Agreed to provide $950 million to continue the Head Start program for pre-schoolers that the House had inadvertently dropped from its version of the legislation and $715 million for programs under the Older Americans Act.

Created a separate $354 million community services block grant, instead of combining community action programs into a social services block grant, as the administration had wanted.

Raised the initial hospital charge a Medicare patient must pay before government compensation starts, from $228 to $256 next year, rising to $323 in 1984. But a House proposal to make Medicare patients pay a special $1-a-day fee for the first 60 days of a hospital stay was dropped. Medicare reimbursement for nursing costs was limited to 105 percent of normal nursing costs, instead of the current 108.5 percent, a move strongly opposed by hospitals.

Picked up additional savings from Social security by delaying payments for new retirees for what amounts to a month, saving $190 million, and by stopping parent's benefits when their youngest child reaches 16 instead of 18, which would save $496 million by the time the new provision is fully effective in 1984.

Still to be resolved was the administration's proposed "cap" on growth of Medicaid.

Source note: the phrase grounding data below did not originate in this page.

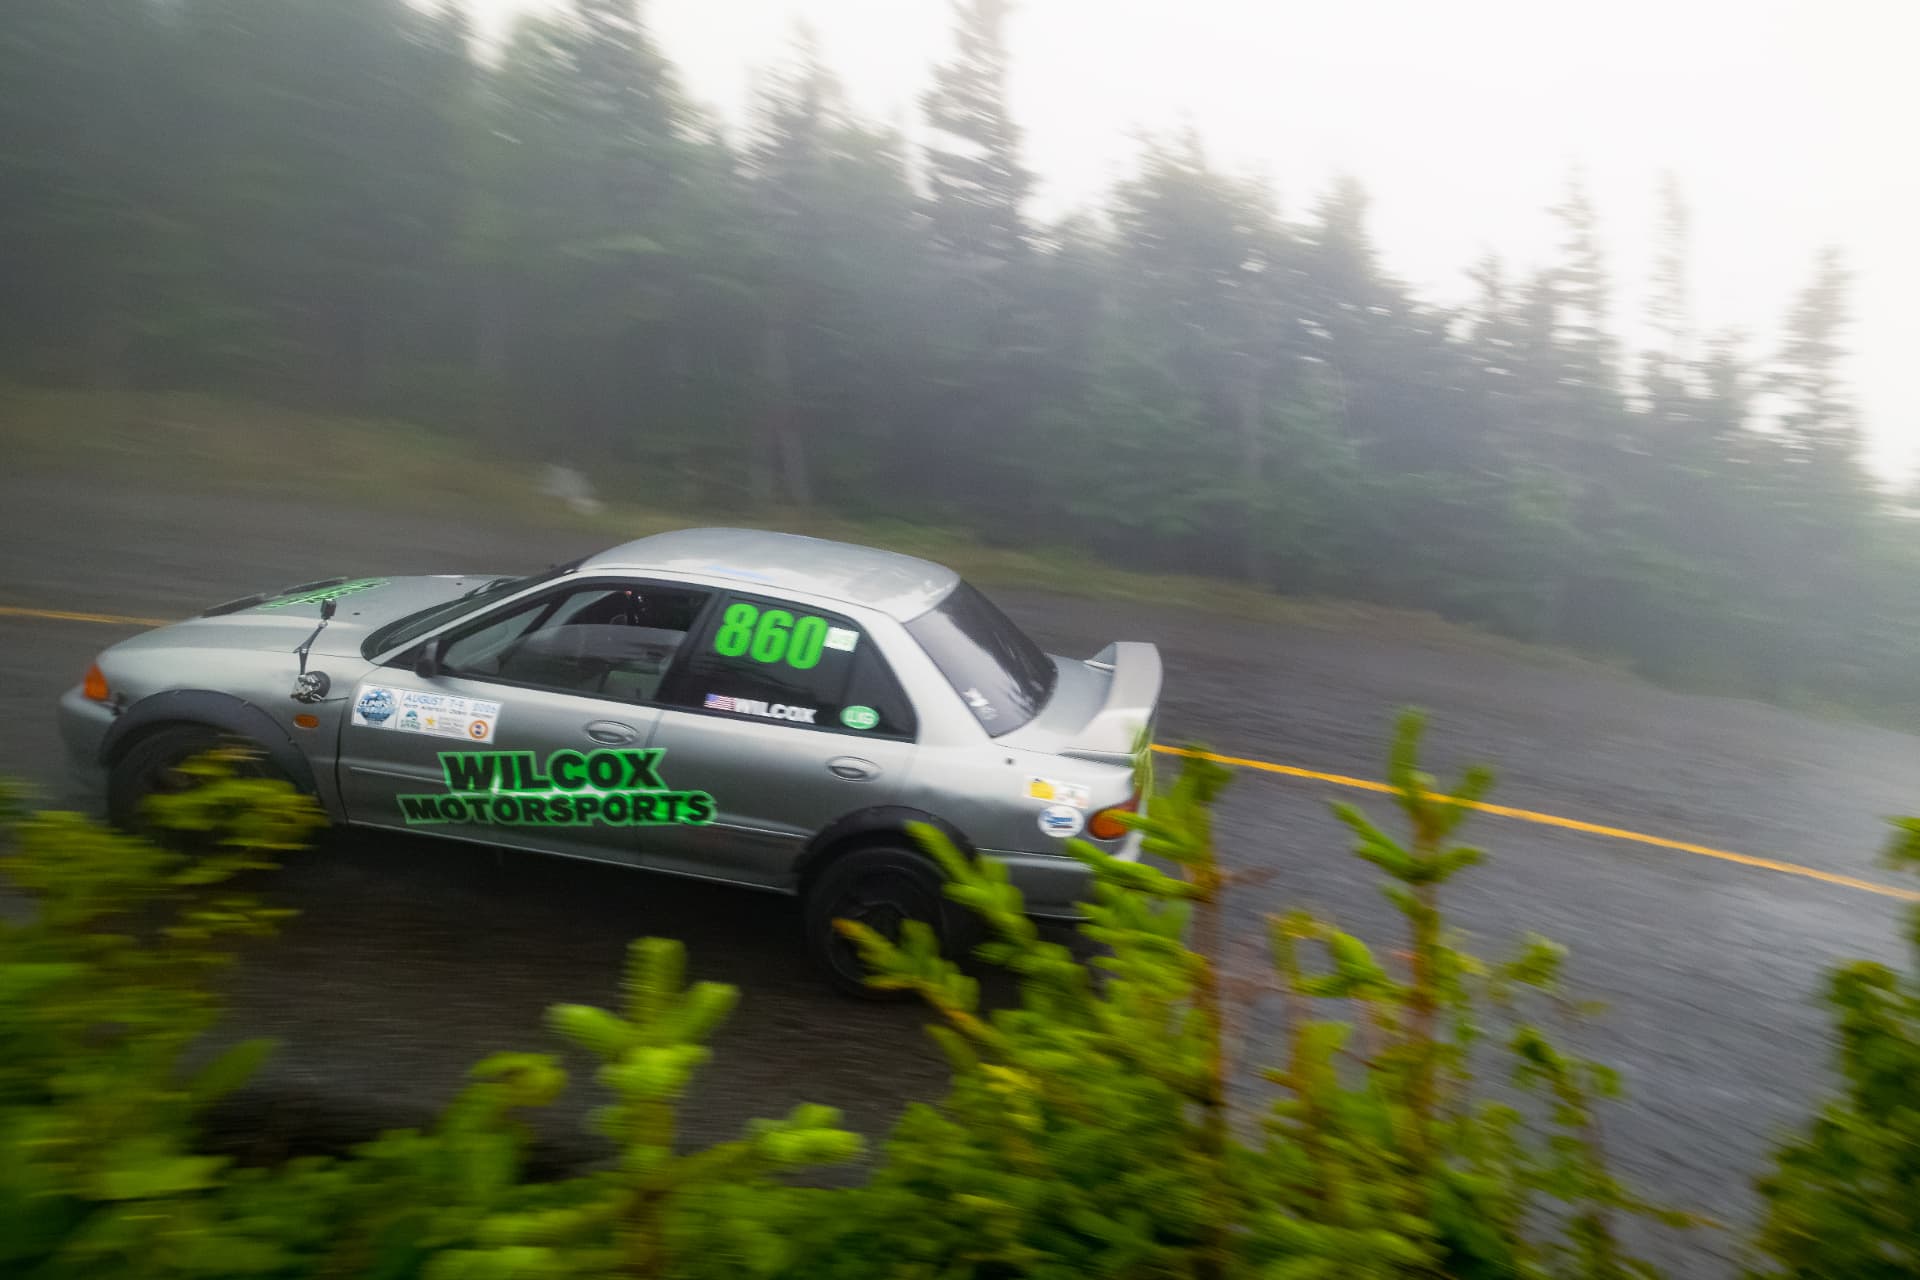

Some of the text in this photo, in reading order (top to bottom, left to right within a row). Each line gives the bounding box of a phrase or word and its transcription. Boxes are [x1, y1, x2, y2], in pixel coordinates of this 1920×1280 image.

[715, 603, 829, 669] 860
[404, 693, 444, 706] AUGUST
[734, 696, 817, 724] WILCOX
[439, 749, 667, 792] WILCOX
[398, 791, 715, 826] MOTORSPORTS

All that is at issue in the Social Security conference is when the minimum benefit would end. The Senate had proposed an immediate end, while the House proposed continued payments until next April. Under the compromise, next March's check would be the last for current recipients. New retirees would get the minimum benefit only through this December.

Dthe minimum benefit of $122 a month, or more in some cases, goes to people who did not contribute enough to Social Security during their working careers to add up to that much in monthly benefits. Because other forms of government compensation will not make up the difference for thousands of elderly people, Congress is under heavy pressure to retreat from its earlier decision to repeal the benefit. The move to repeal it was aimed at saving $1 billion next year and $7 billon over the next five years.

The delay in termination of benefits will serve two purposes: Congress will have time to change its mind, and the Social Security Administration will have time to identify recipients and help them shift to other forms of compensation, where available.

"This is going to affect the life styles of a great many people," said Ways and Means Committee Chairman Dan Rostenkowski (D-Ill.). "We're going to have to give these people due time in order to apply for SSI (NEW-LINE)(supplemental security income and make other adjustments.

As for a possible about-face by Congress, Rep. J. J. Pickle (D-Tex.) said yesterday that his Ways and Means subcommittee on Social Security will reaffirm its earlier decision to protect current retirees and kill the benefit only for new retirees.

Asserting that "there are too many cross-currents now," Pickle said he will probably not bring up the minimum benefit when the subcommittee meets today to resume work on legislation designed to solvef the Social Security system's financial problems. But "it's one of the first things we're going to get to," he added.

Pickle's hand was strengthened by a 405-to-13 vote of the House last Tuesday to prevent any Social Security cutbacks for those already on the rolls, even though the Senate refused to go along when confronted by a similar proposal as a rider to the administration's tax bill.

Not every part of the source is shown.